[Image-backed grounding data]
Start of Block
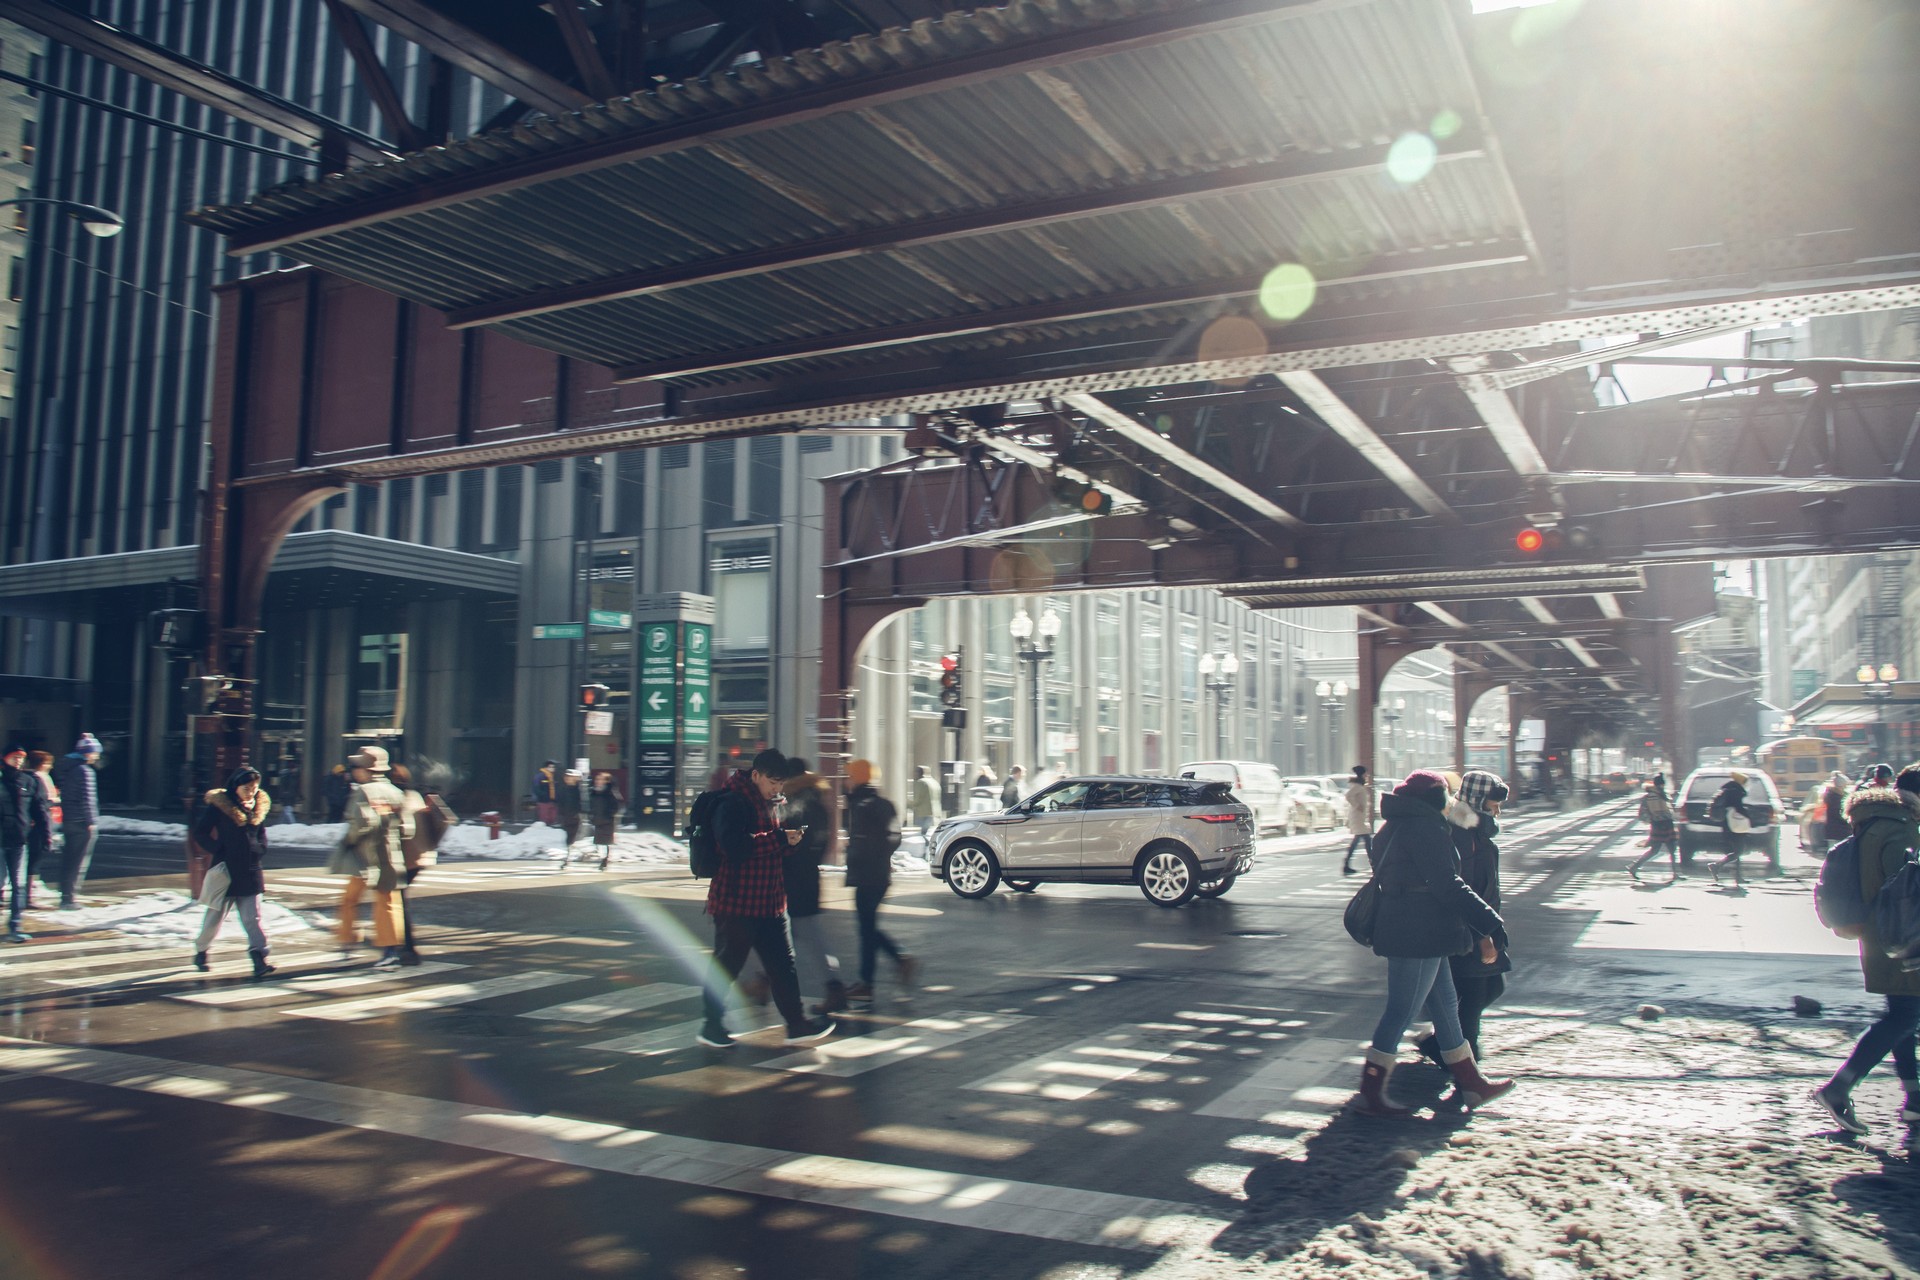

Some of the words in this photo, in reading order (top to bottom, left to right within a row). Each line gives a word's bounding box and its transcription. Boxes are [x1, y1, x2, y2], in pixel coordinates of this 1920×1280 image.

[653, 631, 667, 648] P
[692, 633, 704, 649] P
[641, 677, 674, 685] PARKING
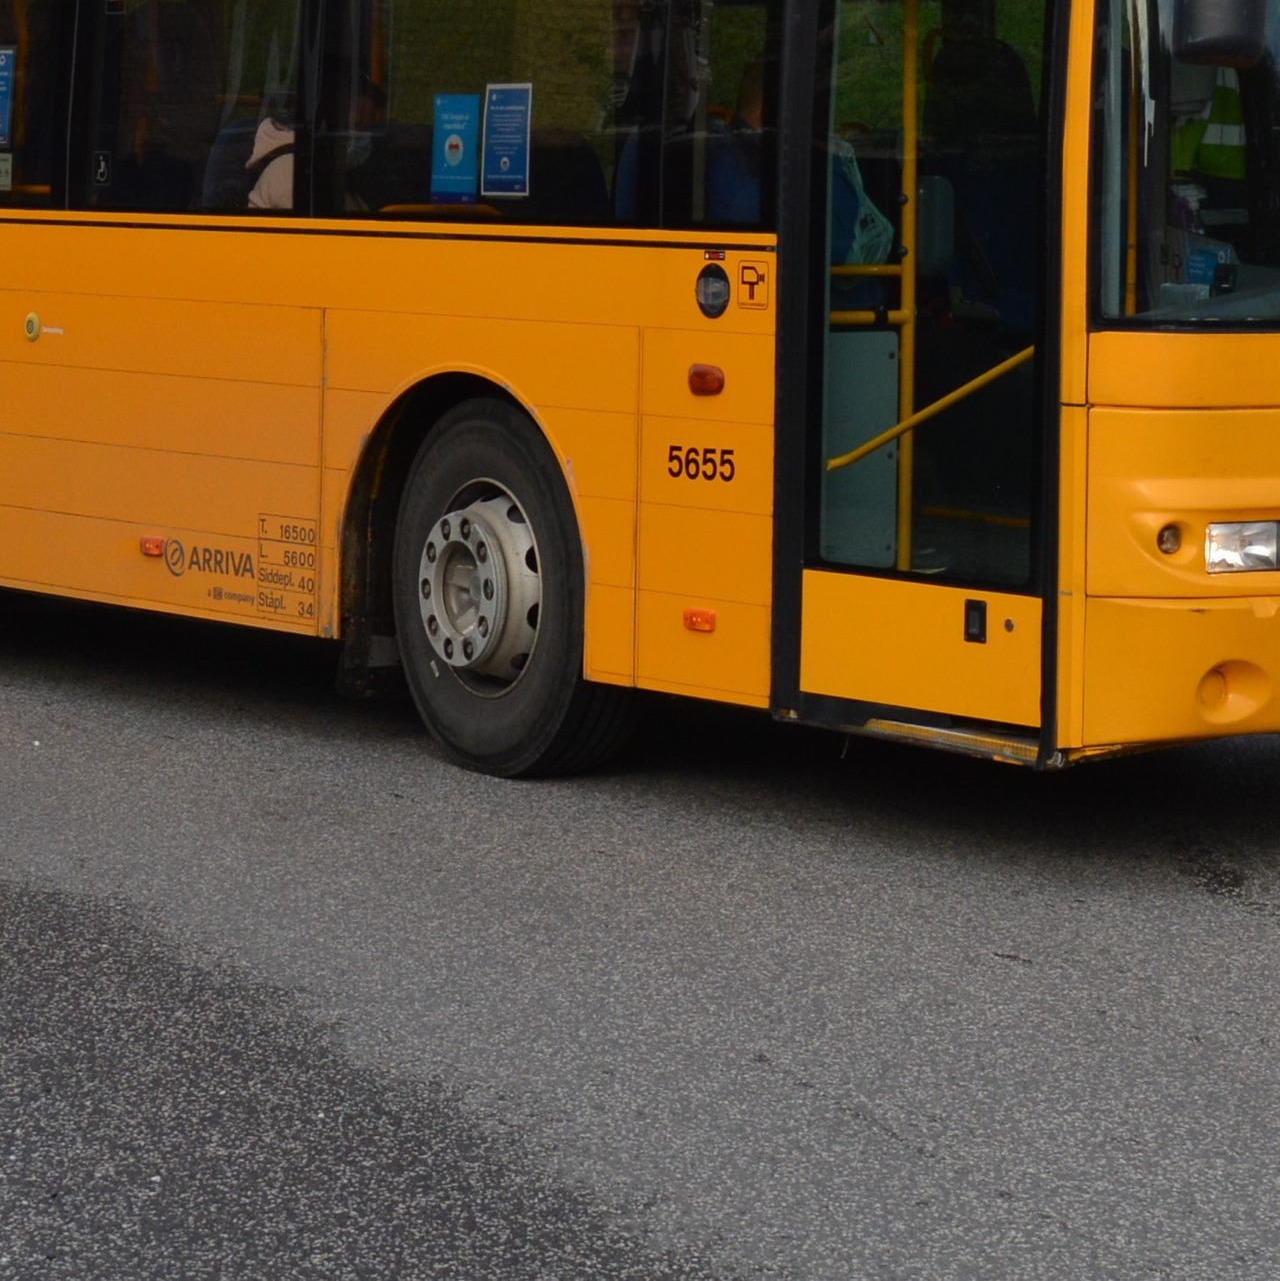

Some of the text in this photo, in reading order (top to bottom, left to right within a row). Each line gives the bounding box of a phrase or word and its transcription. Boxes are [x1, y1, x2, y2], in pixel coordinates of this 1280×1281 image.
End of Block
Quote the preceding records in their entirety, excluding every picture.

Some of the words in this photo, in reading order (top to bottom, left to right within a row). Each line gives a word's bounding box and its transcription. Boxes are [x1, y1, x2, y2], in pixel coordinates of this 1920×1280 image.

[653, 631, 667, 648] P
[692, 633, 704, 649] P
[641, 677, 674, 685] PARKING

Some of the text in this photo, in reading order (top to bottom, left to right within a row). Each line gives the bounding box of a phrase or word and its transcription. Boxes are [x1, y1, x2, y2], in pixel coordinates of this 1280×1281 image.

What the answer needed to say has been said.